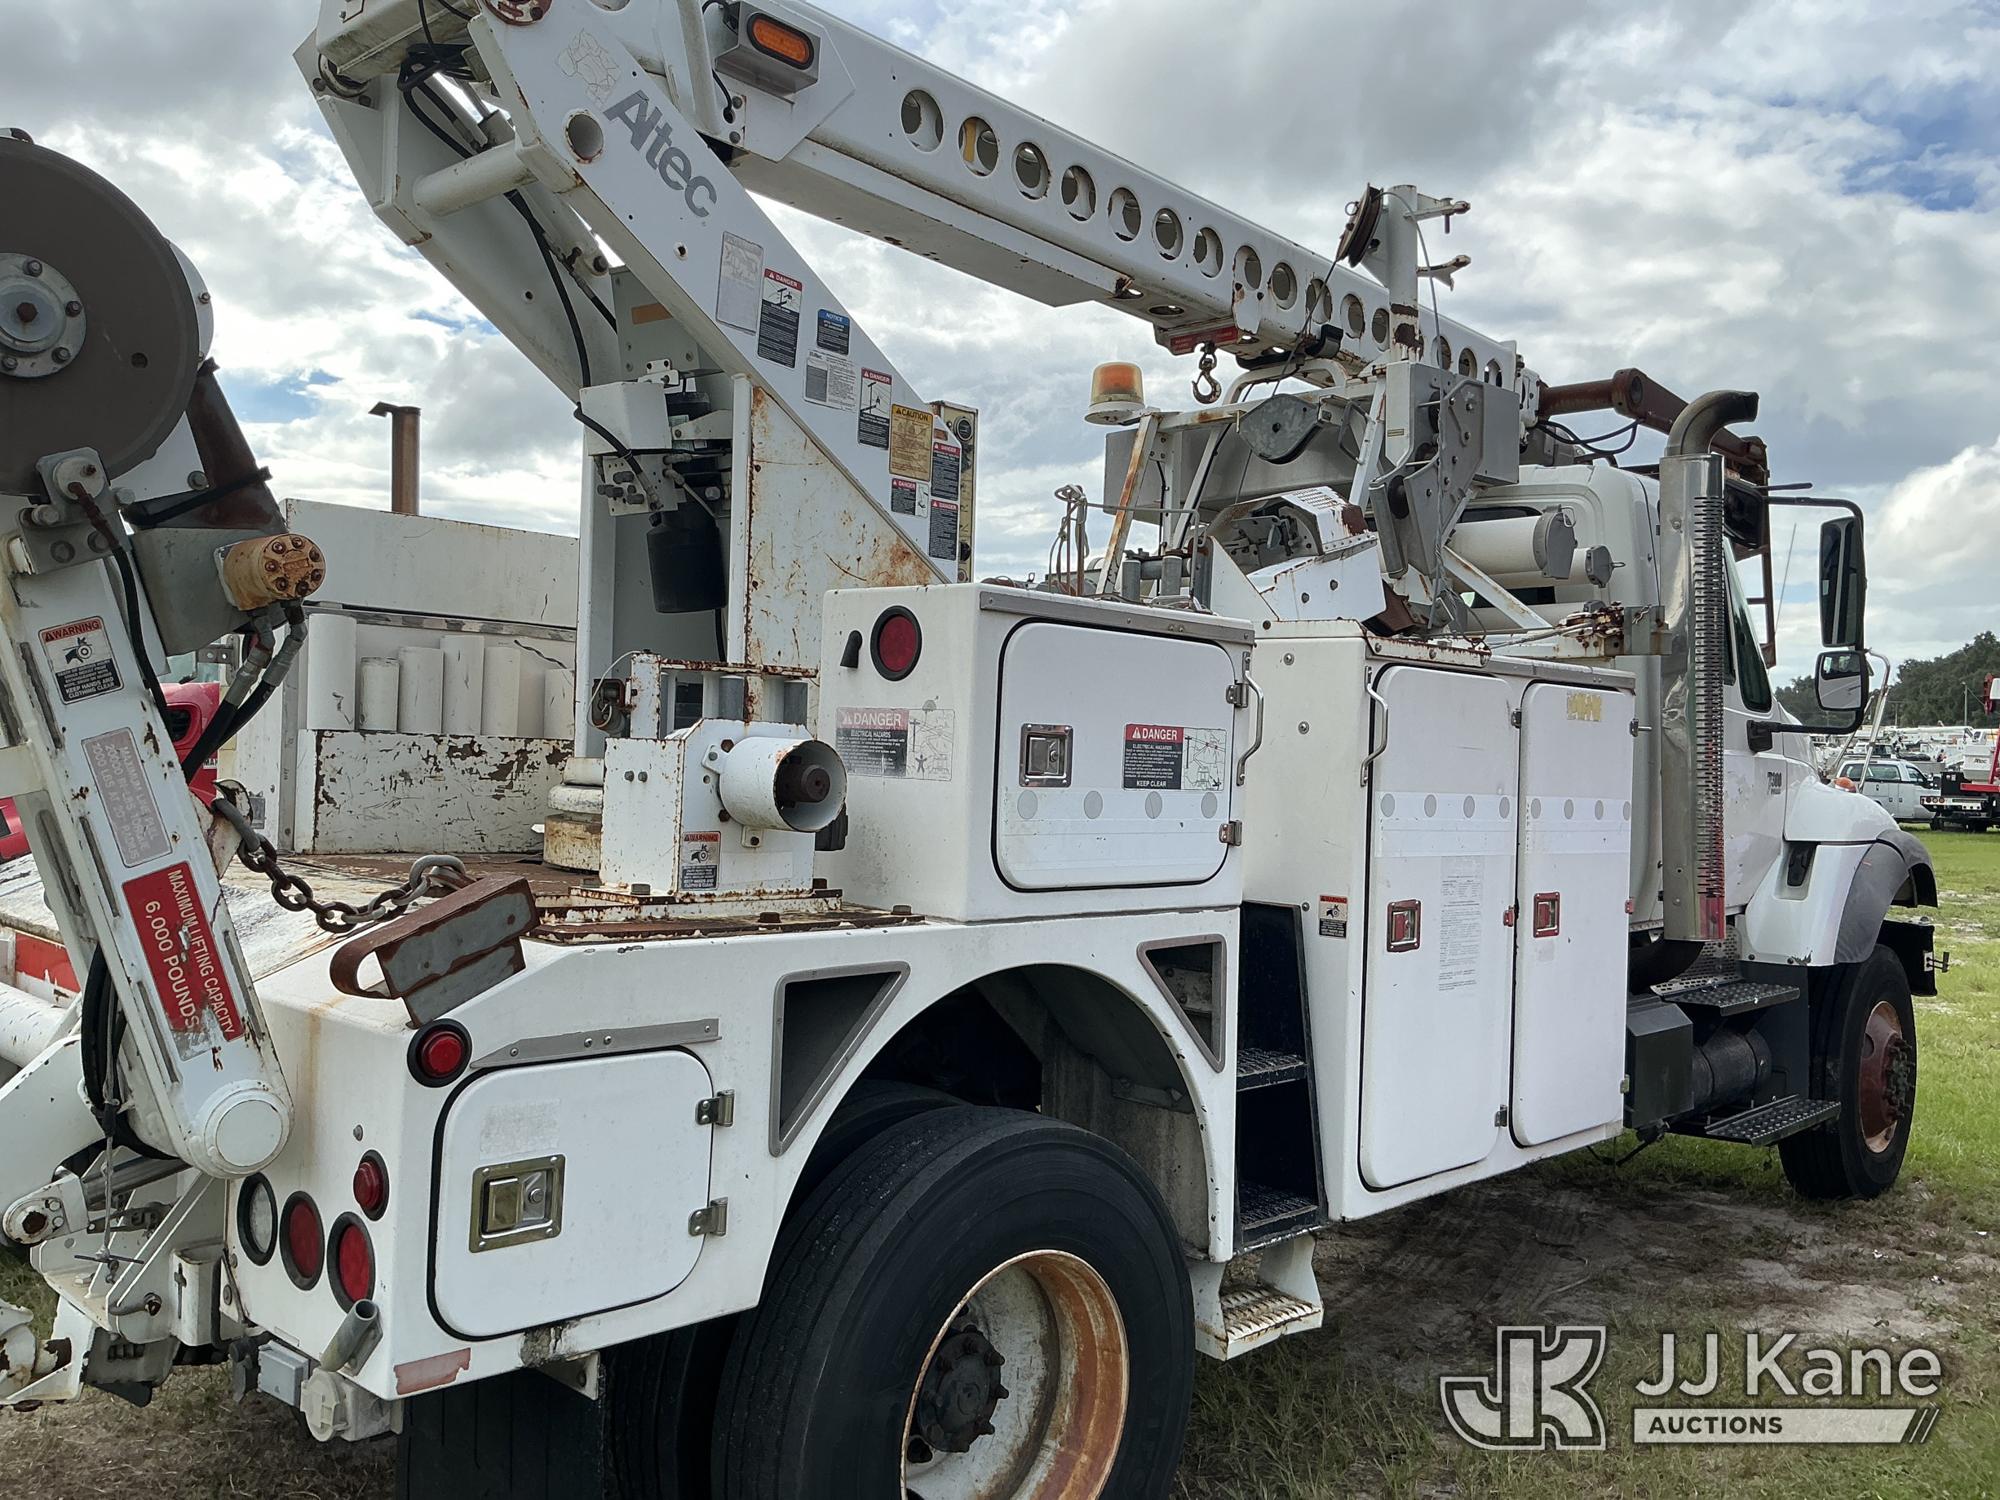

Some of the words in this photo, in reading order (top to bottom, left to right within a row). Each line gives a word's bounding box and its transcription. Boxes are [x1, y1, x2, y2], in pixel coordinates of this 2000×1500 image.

[603, 89, 717, 217] Altec
[901, 408, 929, 421] CAUTION
[52, 620, 100, 637] WARNING
[65, 684, 81, 694] KEEP
[853, 712, 902, 727] DANGER
[1142, 728, 1178, 741] DANGER
[167, 869, 199, 928] MAXIMUM
[189, 928, 215, 977] LIFTING
[203, 977, 235, 1033] CAPACITY
[145, 900, 174, 952] 6,000
[163, 954, 200, 1029] POUNDS

══════════════════════════════

Please retype the data exactly, but do not carry over any picture.

* _Answer to the problem_:
Some of the words in this photo, in reading order (top to bottom, left to right within a row). Each line gives a word's bounding box and its transcription. Boxes are [x1, y1, x2, y2], in pixel coordinates of this 2000×1500 image.

[603, 89, 717, 217] Altec
[901, 408, 929, 421] CAUTION
[52, 620, 100, 637] WARNING
[65, 684, 81, 694] KEEP
[853, 712, 902, 727] DANGER
[1142, 728, 1178, 741] DANGER
[167, 869, 199, 928] MAXIMUM
[189, 928, 215, 977] LIFTING
[203, 977, 235, 1033] CAPACITY
[145, 900, 174, 952] 6,000
[163, 954, 200, 1029] POUNDS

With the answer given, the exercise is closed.